Extracted records:
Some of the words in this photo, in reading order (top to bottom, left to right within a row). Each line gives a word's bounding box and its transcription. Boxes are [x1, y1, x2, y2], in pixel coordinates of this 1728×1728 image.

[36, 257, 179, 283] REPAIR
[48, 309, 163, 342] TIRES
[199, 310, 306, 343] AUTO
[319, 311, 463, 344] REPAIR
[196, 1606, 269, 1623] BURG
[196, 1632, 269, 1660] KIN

TRY IT:
Repeat each record word for word.

ANSWER AREA:
Some of the words in this photo, in reading order (top to bottom, left to right within a row). Each line gives a word's bounding box and its transcription. Boxes are [x1, y1, x2, y2], in pixel coordinates of this 1728×1728 image.

[36, 257, 179, 283] REPAIR
[48, 309, 163, 342] TIRES
[199, 310, 306, 343] AUTO
[319, 311, 463, 344] REPAIR
[196, 1606, 269, 1623] BURG
[196, 1632, 269, 1660] KIN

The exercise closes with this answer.